> [INSTRUCTIONS TO FOLLOW]:
The reply should be the records repeated exactly, without any images.

== DATASET EXTRACT ==

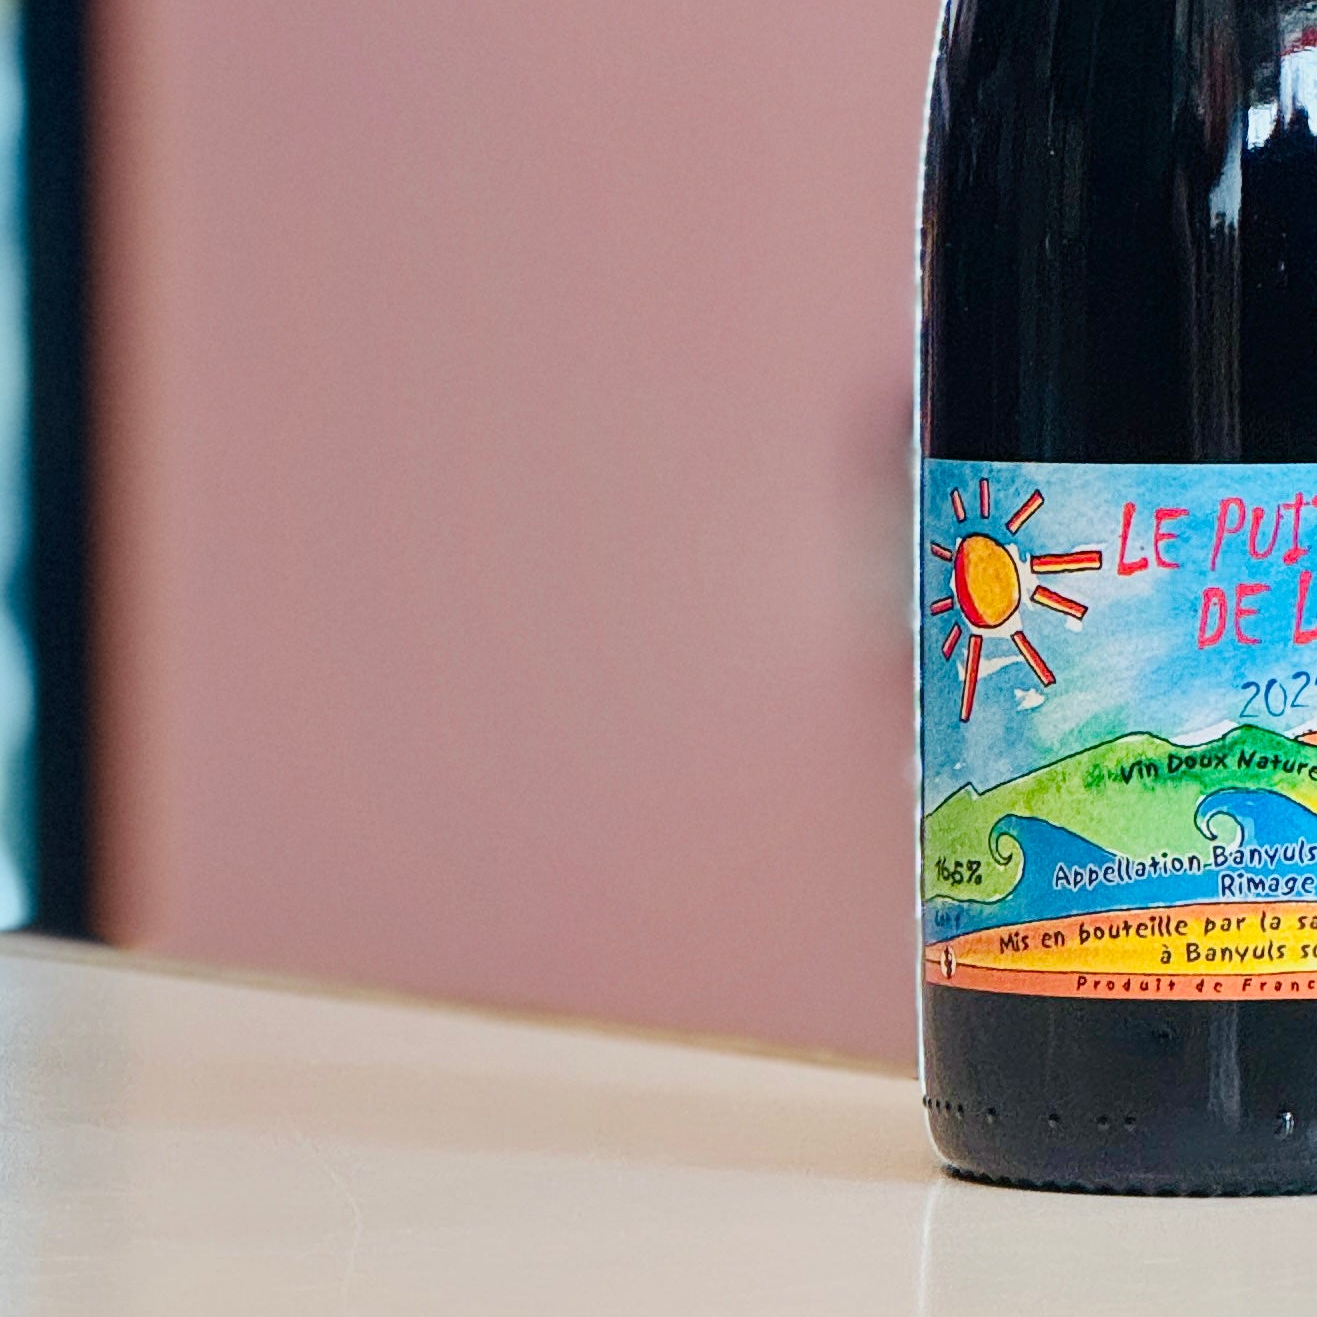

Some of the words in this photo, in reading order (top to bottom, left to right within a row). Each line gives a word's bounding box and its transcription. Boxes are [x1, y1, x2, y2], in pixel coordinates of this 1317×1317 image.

[1117, 501, 1191, 576] LE
[1197, 583, 1272, 650] DE
[1120, 760, 1160, 784] Vin
[1167, 751, 1230, 774] Doux
[1054, 852, 1202, 889] Appellation
[1212, 839, 1317, 869] Banyuls
[1221, 873, 1316, 898] Rimage
[1000, 933, 1030, 952] Mis
[1041, 929, 1065, 948] en
[1078, 916, 1189, 945] bouteille
[1203, 918, 1246, 939] par
[1259, 910, 1282, 933] la
[1159, 944, 1173, 966] à
[1185, 940, 1285, 965] Banyuls
[1076, 974, 1177, 993] Produit
[1195, 977, 1223, 994] de

===

> [OUTPUT BELOW]:
Some of the words in this photo, in reading order (top to bottom, left to right within a row). Each line gives a word's bounding box and its transcription. Boxes are [x1, y1, x2, y2], in pixel coordinates of this 1317×1317 image.

[1117, 501, 1191, 576] LE
[1197, 583, 1272, 650] DE
[1120, 760, 1160, 784] Vin
[1167, 751, 1230, 774] Doux
[1054, 852, 1202, 889] Appellation
[1212, 839, 1317, 869] Banyuls
[1221, 873, 1316, 898] Rimage
[1000, 933, 1030, 952] Mis
[1041, 929, 1065, 948] en
[1078, 916, 1189, 945] bouteille
[1203, 918, 1246, 939] par
[1259, 910, 1282, 933] la
[1159, 944, 1173, 966] à
[1185, 940, 1285, 965] Banyuls
[1076, 974, 1177, 993] Produit
[1195, 977, 1223, 994] de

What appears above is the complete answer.